Henry, an autistic 15-year-old boy, is stuck in his bedroom, seemingly addicted to Internet gaming, his personal hygiene is now non-existent, and he is unresponsive to all attempts to assist him to get his life back on track.
Theo, a once happy and thriving child, now at 14-years-old is only attending school sporadically, his grades have decreased, he is struggling with friendship, and even interests that were very pleasurable for him, no longer seem to hold any power to cheer him up.
Georgia, an 11-year-old girl suddenly announces that she is male, wants to change her name, start sex change hormones, dress as a boy and insists on everyone using male pronouns. Her stance is rigid, any arguments to the contrary are heresy, and she threatens suicide when her demands are not complied with.
For each Molly, Henry, Theo and Georgia the common theme is the timing of the unfolding disaster. Puberty arrives and the problems of primary school seem relatively benign and navigable.
In our clinical experience we are happily aware that these extreme scenarios are not the case for every autistic teenager and about a third navigate the teenage years with relatively few issues, a third have some difficulty but get back on track fairly quickly, and for the remaining third the problems are more severe and can take many years to resolve. Thus, for many autistic teenagers, and therefore for their families, adolescence represents a significant challenge requiring specific knowledge and skill to navigate what is going on.
What is going on?
We are often asked by parents: “What is happening? Why is my autistic teenager struggling so much?” It is a good question and deserves a thorough answer. Firstly, it is important to know that the change is not due to bad parenting. Many parents scan the history of their child, deeply ponder any time they did not meet their own ideals or expectations in their parenting and can start to wonder how they “caused’ the problems their teenager is facing. As one parent said to another at the joyous time of her first child’s birth, “Parenthood, welcome to the world of guilt and anxiety.”
As parents we can be influential in our children’s lives, but there are many factors that are beyond our control. When an autistic teenager “goes off the rails” the reasons for the ‘derailment’ are usually complex and multifactorial. In essence, there is a combination of hormonal, neurological and environmental factors that converge to create “the perfect storm.” In this article, we discuss each of these factors, aware that understanding what is happening can be extremely helpful in both coping with and managing the problems of autistic adolescence.
Hormonal change – HPA
Both the hypothalamic-pituitary-adrenal (HPA) and the autonomic nervous system (ANS) are the stress-system-related neuroendocrine (hormonal) pathways. Abundant research shows that both the HPA and the ANS may be functioning in an atypical way for an autistic teenager. (Makris et al, 2022).

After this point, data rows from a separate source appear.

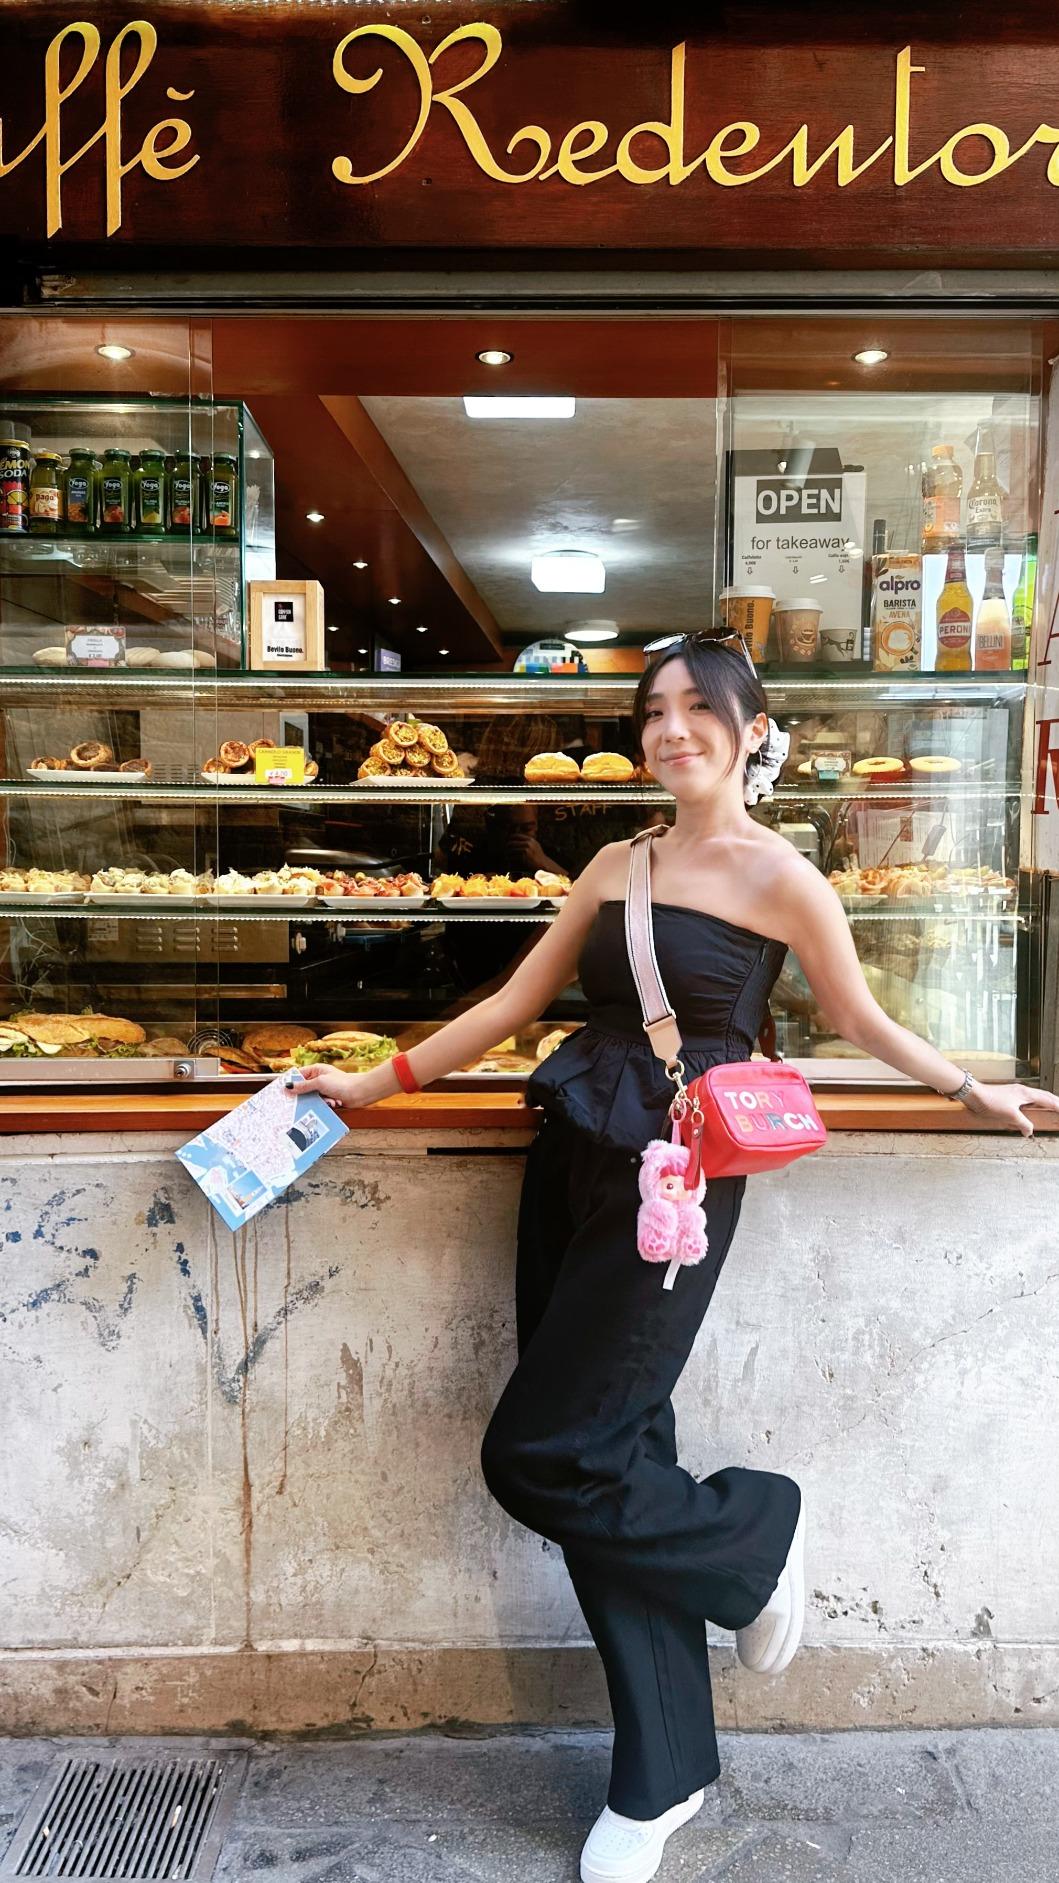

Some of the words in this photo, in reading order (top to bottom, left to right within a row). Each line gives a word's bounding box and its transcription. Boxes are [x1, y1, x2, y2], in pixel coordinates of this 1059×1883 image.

[0, 20, 200, 238] ffè
[0, 458, 31, 470] EMON
[757, 488, 841, 515] OPEN
[751, 536, 771, 550] for
[776, 535, 850, 552] takeaway
[879, 575, 921, 595] alpro
[883, 599, 917, 608] BARISTA
[723, 1090, 785, 1110] TORY
[735, 1112, 820, 1133] BURCH

Alterations in the stress system occur when that system is activated for prolonged periods of time. For example, a system imbalance or dysregulation is likely to occur when an autistic child or teenager is exposed to sensory triggers for long periods, to aversive social stimuli, such as peer rejection and bullying, to perceived threatening situations, or to novel situations. During times of chronic stress, there is increased production of corticotropin-releasing hormone (CRH), cortisol and catecholamines, which can result in both physical health conditions, e.g. insomnia, chronic stress conditions (Agorastos et al, 2018), activation of auto-immune system disorders, and mental health conditions, such as post-traumatic-stress disorder (PTSD), depression, panic disorder and obsessive compulsive disorder.

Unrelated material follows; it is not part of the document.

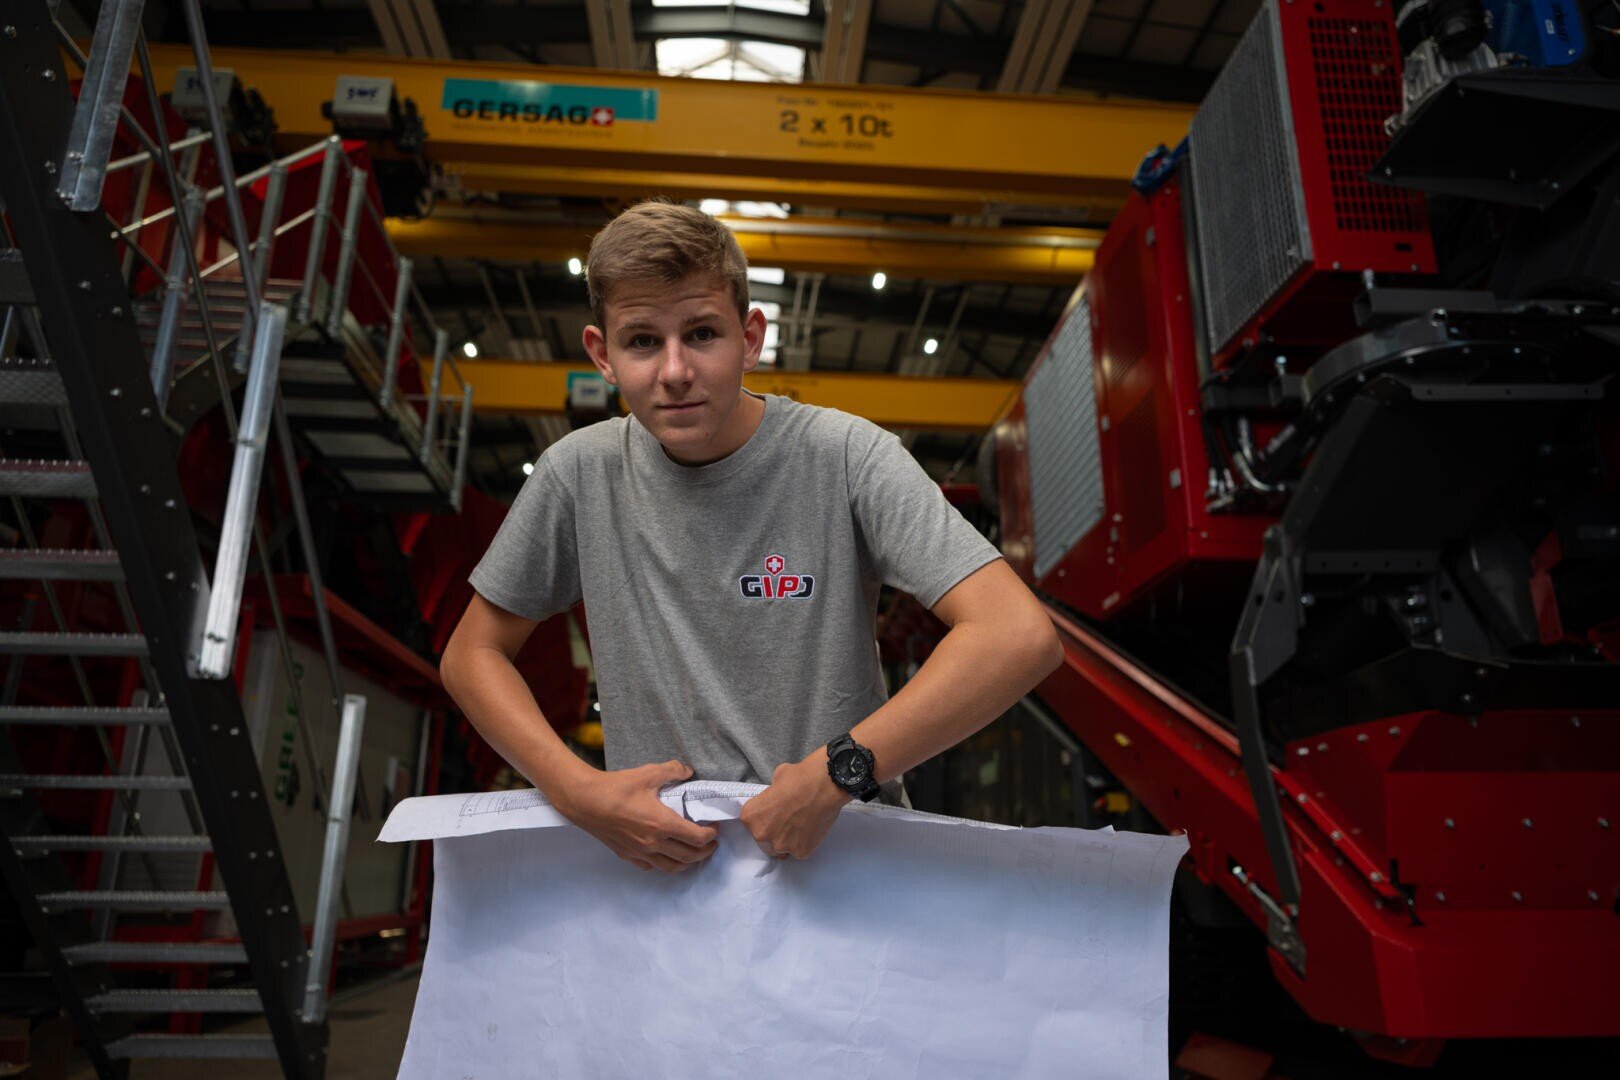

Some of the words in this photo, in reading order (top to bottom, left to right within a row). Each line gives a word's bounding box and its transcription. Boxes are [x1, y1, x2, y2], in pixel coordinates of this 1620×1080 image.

[453, 98, 588, 125] GERSAG
[779, 109, 799, 133] 2
[811, 117, 827, 134] x
[840, 113, 893, 138] 10t

A recent study compared autistic teenagers (13-17 years old) with younger autistic children (7-12 years old) and found that the older children had far higher cortisol levels in the evening, indicating a cumulative effect of stress throughout the day which would negatively impact sleep (Muscatello & Corbett, 2018). A very consistent finding across several studies has been much greater variability of cortisol production across the course of day for autistic adolescents compared to typically developing adolescents (Corbett et al, 2009). Other studies indicated that the HPA-axis of autistic children may be disturbed to the extent that it was non-regulating, allowing levels of cortisol production to remain high (Jensen et al, 1985).

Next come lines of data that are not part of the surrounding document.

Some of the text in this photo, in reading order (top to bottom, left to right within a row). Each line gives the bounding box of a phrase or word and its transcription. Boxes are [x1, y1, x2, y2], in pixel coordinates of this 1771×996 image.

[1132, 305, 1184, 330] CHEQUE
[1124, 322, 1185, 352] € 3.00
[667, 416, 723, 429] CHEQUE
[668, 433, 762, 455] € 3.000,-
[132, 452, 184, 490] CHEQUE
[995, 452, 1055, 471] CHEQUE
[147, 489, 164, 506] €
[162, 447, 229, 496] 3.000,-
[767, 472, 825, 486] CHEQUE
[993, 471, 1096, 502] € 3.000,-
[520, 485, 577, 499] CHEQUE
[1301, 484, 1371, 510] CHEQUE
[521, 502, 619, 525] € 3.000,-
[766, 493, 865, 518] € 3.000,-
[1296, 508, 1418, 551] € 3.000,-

Schupp and colleagues (2013) found that autistic children more than typically developing children showed enhanced HPA responsivity (high secretion of stress hormones) during what were described as “relatively benign” social interactions. Stress levels during social interaction tend to increase with age in autism. For example, Corbett and colleagues (2021) found that cortisol levels during social interactions were significantly higher for autistic adolescents compared to autistic children.
Hormonal change – ANS
In a well-functioning autonomic nervous system (ANS), two systems, the sympathetic nervous system (SNS) and the parasympathetic nervous system (PNS) are in regular efficient communication with each other to keep managing any perceived threats with no undue stress or alarm. When the SNS is triggered due to a perceived threat it primes for body for flight or fight, by increasing heart rate, muscle tension, galvanic skin response (sweating) etc. If there is no or a low threat the PNS is activated, as the body’s built-in self-regulatory system, to calm the nervous system down. When these systems are working well in safe environments, potential threats are perceived with accuracy and the person feels calm and well-regulated most of the time.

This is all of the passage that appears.